Work required:
Line by line, repeat the material below exactly and skip the images.

Records to use:
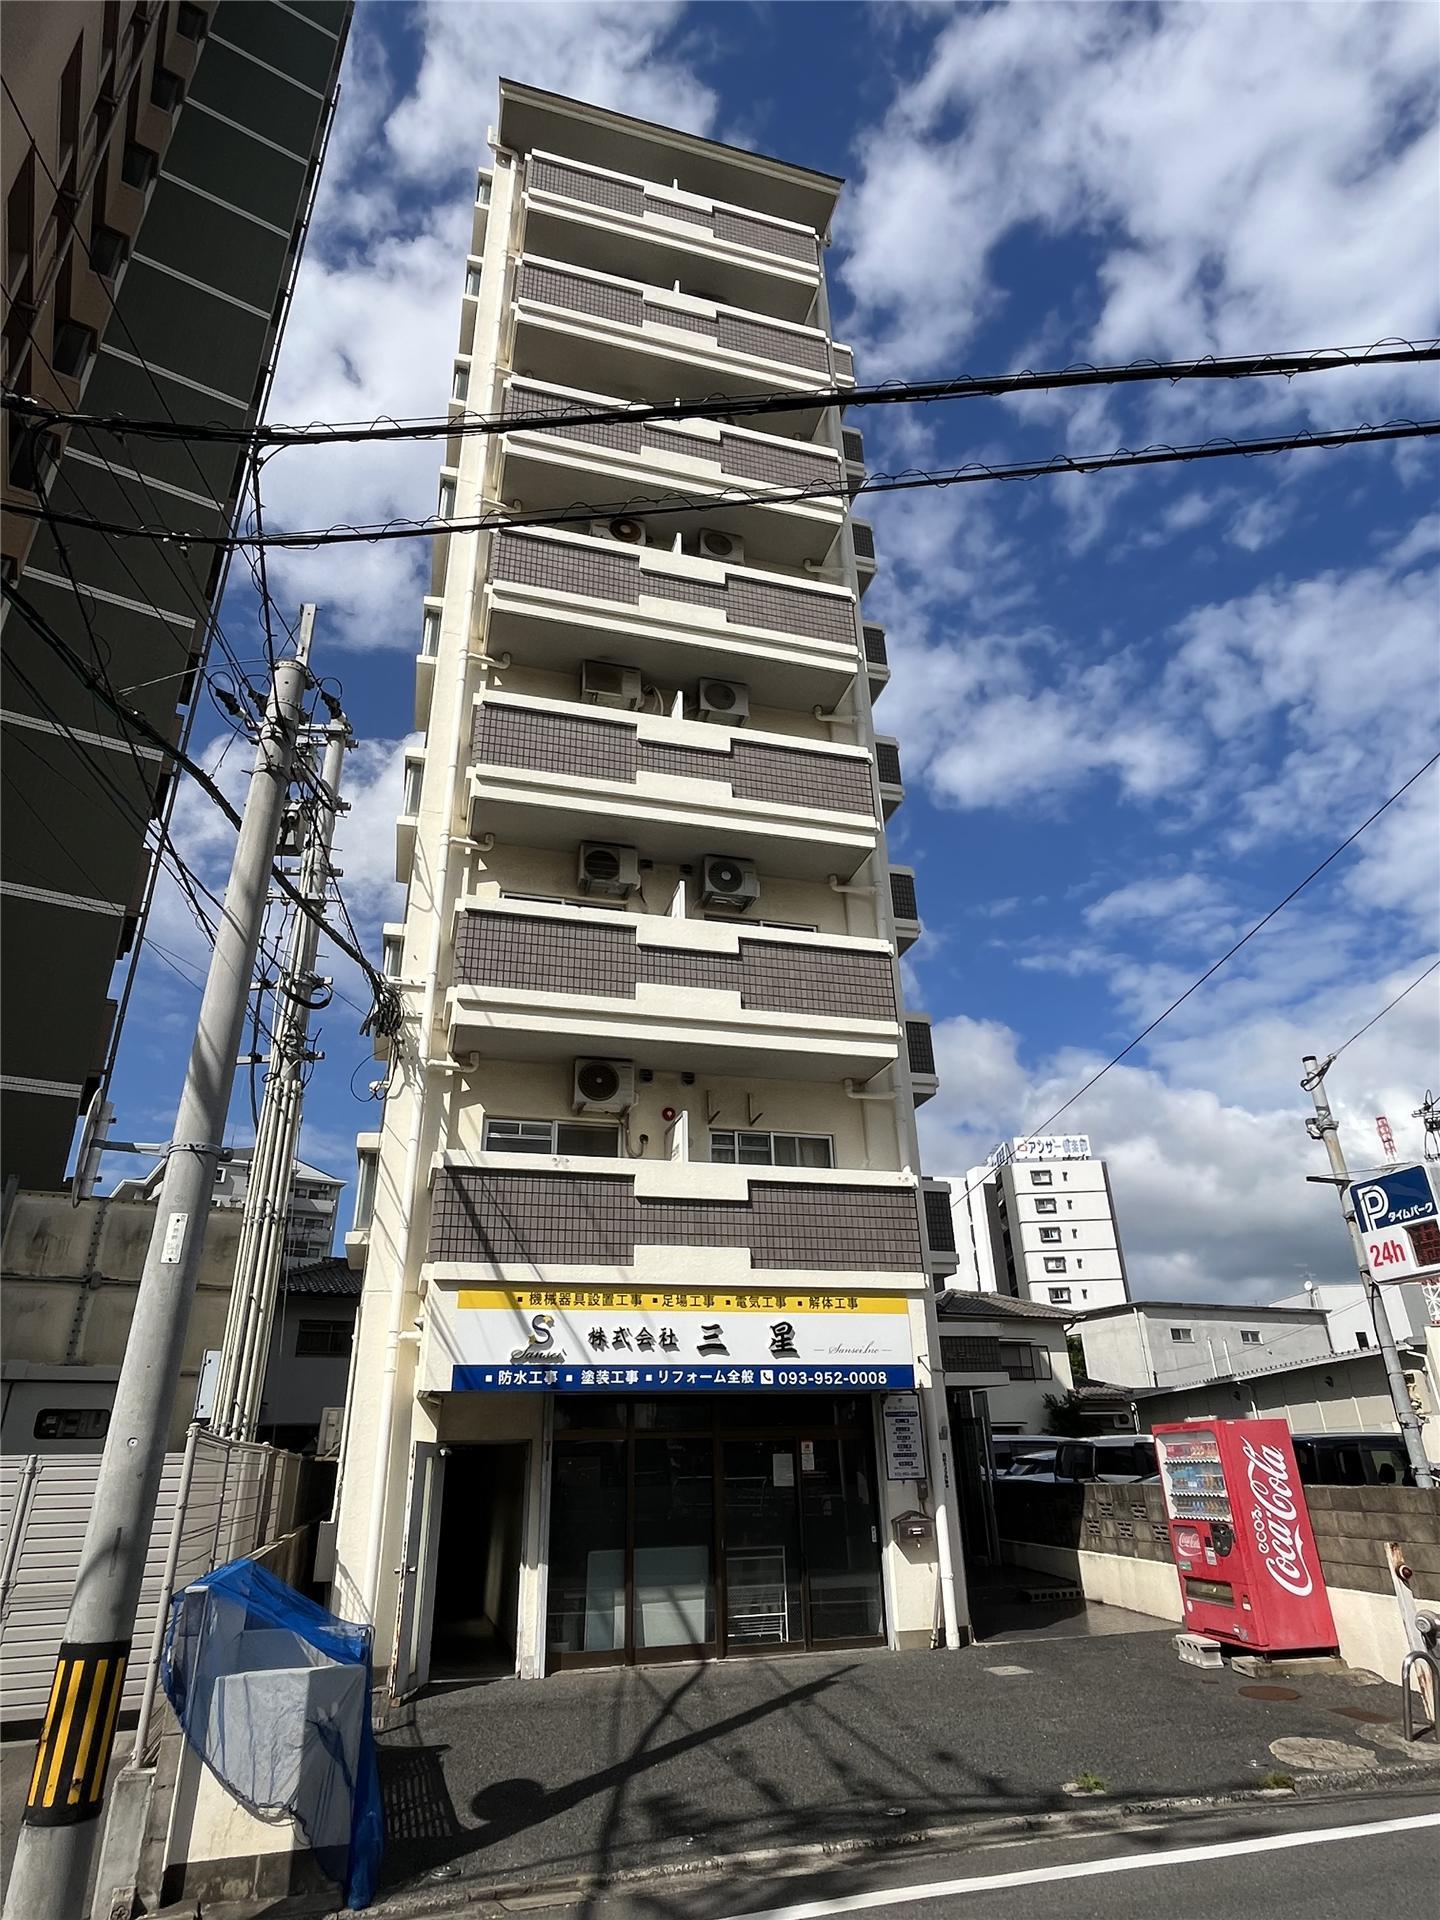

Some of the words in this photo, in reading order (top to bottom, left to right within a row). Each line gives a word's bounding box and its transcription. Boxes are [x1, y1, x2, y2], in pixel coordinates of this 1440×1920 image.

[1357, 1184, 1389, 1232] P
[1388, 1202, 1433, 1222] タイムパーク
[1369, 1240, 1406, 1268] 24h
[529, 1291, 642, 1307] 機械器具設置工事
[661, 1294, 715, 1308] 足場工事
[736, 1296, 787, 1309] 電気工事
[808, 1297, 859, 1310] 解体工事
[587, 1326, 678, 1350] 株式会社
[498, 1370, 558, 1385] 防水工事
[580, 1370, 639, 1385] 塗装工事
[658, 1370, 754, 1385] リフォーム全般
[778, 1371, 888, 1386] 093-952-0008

Response:
Some of the words in this photo, in reading order (top to bottom, left to right within a row). Each line gives a word's bounding box and its transcription. Boxes are [x1, y1, x2, y2], in pixel coordinates of this 1440×1920 image.

[1357, 1184, 1389, 1232] P
[1388, 1202, 1433, 1222] タイムパーク
[1369, 1240, 1406, 1268] 24h
[529, 1291, 642, 1307] 機械器具設置工事
[661, 1294, 715, 1308] 足場工事
[736, 1296, 787, 1309] 電気工事
[808, 1297, 859, 1310] 解体工事
[587, 1326, 678, 1350] 株式会社
[498, 1370, 558, 1385] 防水工事
[580, 1370, 639, 1385] 塗装工事
[658, 1370, 754, 1385] リフォーム全般
[778, 1371, 888, 1386] 093-952-0008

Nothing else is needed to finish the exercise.